- Opening Delimiter -

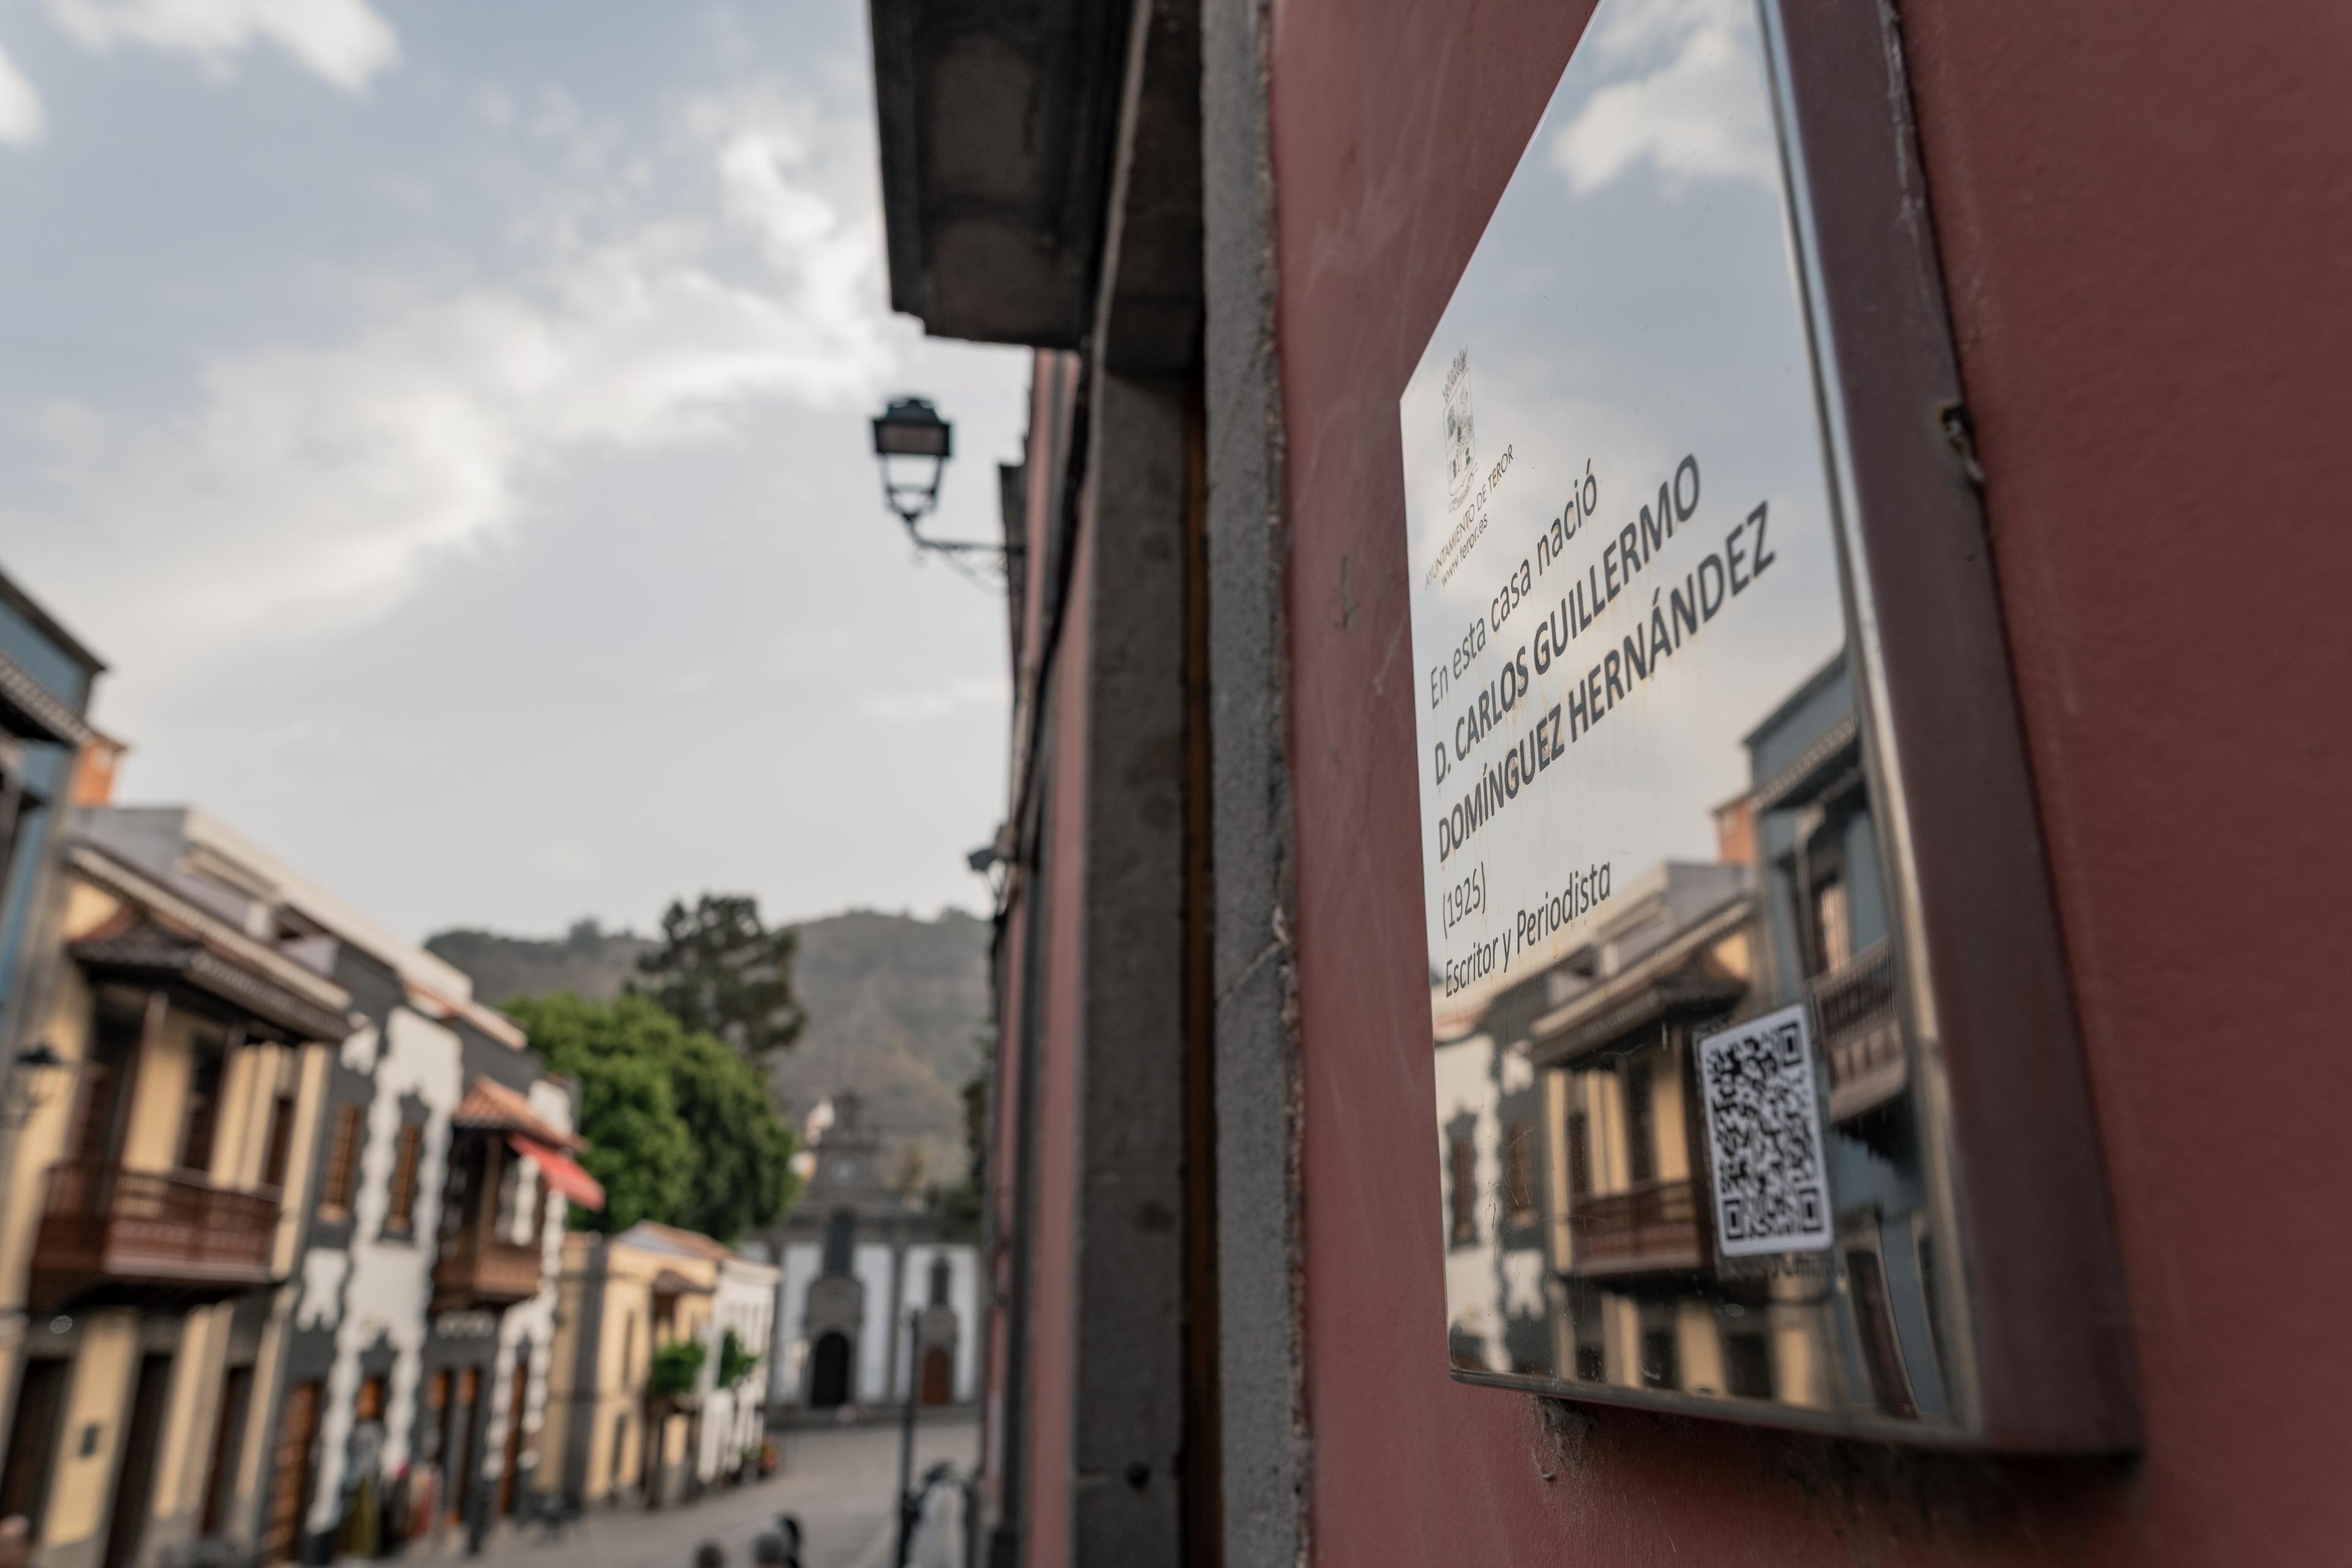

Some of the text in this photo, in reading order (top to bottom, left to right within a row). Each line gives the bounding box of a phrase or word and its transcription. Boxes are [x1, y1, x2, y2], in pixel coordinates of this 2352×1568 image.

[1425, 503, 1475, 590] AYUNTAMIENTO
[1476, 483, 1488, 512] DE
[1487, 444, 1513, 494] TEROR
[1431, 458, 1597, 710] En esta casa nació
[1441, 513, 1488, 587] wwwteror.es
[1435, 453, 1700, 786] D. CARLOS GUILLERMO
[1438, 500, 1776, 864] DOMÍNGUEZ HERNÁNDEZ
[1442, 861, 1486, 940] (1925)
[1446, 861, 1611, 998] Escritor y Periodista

- Closing Delimiter -

### What to do
Going through the records above line by line, transcribe each one exactly and skip any pictures.

### Exercise output
Some of the text in this photo, in reading order (top to bottom, left to right within a row). Each line gives the bounding box of a phrase or word and its transcription. Boxes are [x1, y1, x2, y2], in pixel coordinates of this 2352×1568 image.

[1425, 503, 1475, 590] AYUNTAMIENTO
[1476, 483, 1488, 512] DE
[1487, 444, 1513, 494] TEROR
[1431, 458, 1597, 710] En esta casa nació
[1441, 513, 1488, 587] wwwteror.es
[1435, 453, 1700, 786] D. CARLOS GUILLERMO
[1438, 500, 1776, 864] DOMÍNGUEZ HERNÁNDEZ
[1442, 861, 1486, 940] (1925)
[1446, 861, 1611, 998] Escritor y Periodista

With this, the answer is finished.